====== Entries shown ======

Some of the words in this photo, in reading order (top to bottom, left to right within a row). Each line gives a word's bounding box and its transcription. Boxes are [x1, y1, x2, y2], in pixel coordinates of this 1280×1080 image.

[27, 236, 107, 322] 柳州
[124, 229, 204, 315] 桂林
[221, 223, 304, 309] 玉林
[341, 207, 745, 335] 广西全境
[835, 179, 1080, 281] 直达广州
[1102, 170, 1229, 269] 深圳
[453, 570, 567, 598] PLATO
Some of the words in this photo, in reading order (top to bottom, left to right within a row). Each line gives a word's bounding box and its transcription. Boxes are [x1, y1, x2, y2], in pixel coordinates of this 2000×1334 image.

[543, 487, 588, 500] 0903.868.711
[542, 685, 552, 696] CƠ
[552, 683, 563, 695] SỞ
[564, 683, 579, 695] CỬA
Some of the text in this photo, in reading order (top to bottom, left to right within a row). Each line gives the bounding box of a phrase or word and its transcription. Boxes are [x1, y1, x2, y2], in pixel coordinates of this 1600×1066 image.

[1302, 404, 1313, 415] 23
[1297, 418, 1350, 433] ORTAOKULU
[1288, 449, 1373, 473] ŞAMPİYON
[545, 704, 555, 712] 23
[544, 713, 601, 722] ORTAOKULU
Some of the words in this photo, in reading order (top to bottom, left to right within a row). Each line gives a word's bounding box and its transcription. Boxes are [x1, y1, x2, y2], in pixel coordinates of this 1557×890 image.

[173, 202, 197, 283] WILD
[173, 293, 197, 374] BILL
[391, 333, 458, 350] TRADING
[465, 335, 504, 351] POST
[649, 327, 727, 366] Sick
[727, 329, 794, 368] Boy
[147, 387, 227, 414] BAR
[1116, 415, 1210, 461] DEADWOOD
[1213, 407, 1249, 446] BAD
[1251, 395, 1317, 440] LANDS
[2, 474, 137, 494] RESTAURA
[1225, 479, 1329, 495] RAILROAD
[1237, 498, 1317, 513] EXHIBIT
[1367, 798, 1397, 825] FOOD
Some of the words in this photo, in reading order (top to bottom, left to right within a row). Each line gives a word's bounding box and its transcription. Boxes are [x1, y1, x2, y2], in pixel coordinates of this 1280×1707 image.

======

▸ **What is being asked**:
The required output is the line containing "this 2000×1334 image." through the last line of the records above, each copied exactly and nothing more.

▸ **Solved exercise**:
Some of the words in this photo, in reading order (top to bottom, left to right within a row). Each line gives a word's bounding box and its transcription. Boxes are [x1, y1, x2, y2], in pixel coordinates of this 2000×1334 image.

[543, 487, 588, 500] 0903.868.711
[542, 685, 552, 696] CƠ
[552, 683, 563, 695] SỞ
[564, 683, 579, 695] CỬA
Some of the text in this photo, in reading order (top to bottom, left to right within a row). Each line gives the bounding box of a phrase or word and its transcription. Boxes are [x1, y1, x2, y2], in pixel coordinates of this 1600×1066 image.

[1302, 404, 1313, 415] 23
[1297, 418, 1350, 433] ORTAOKULU
[1288, 449, 1373, 473] ŞAMPİYON
[545, 704, 555, 712] 23
[544, 713, 601, 722] ORTAOKULU
Some of the words in this photo, in reading order (top to bottom, left to right within a row). Each line gives a word's bounding box and its transcription. Boxes are [x1, y1, x2, y2], in pixel coordinates of this 1557×890 image.

[173, 202, 197, 283] WILD
[173, 293, 197, 374] BILL
[391, 333, 458, 350] TRADING
[465, 335, 504, 351] POST
[649, 327, 727, 366] Sick
[727, 329, 794, 368] Boy
[147, 387, 227, 414] BAR
[1116, 415, 1210, 461] DEADWOOD
[1213, 407, 1249, 446] BAD
[1251, 395, 1317, 440] LANDS
[2, 474, 137, 494] RESTAURA
[1225, 479, 1329, 495] RAILROAD
[1237, 498, 1317, 513] EXHIBIT
[1367, 798, 1397, 825] FOOD
Some of the words in this photo, in reading order (top to bottom, left to right within a row). Each line gives a word's bounding box and its transcription. Boxes are [x1, y1, x2, y2], in pixel coordinates of this 1280×1707 image.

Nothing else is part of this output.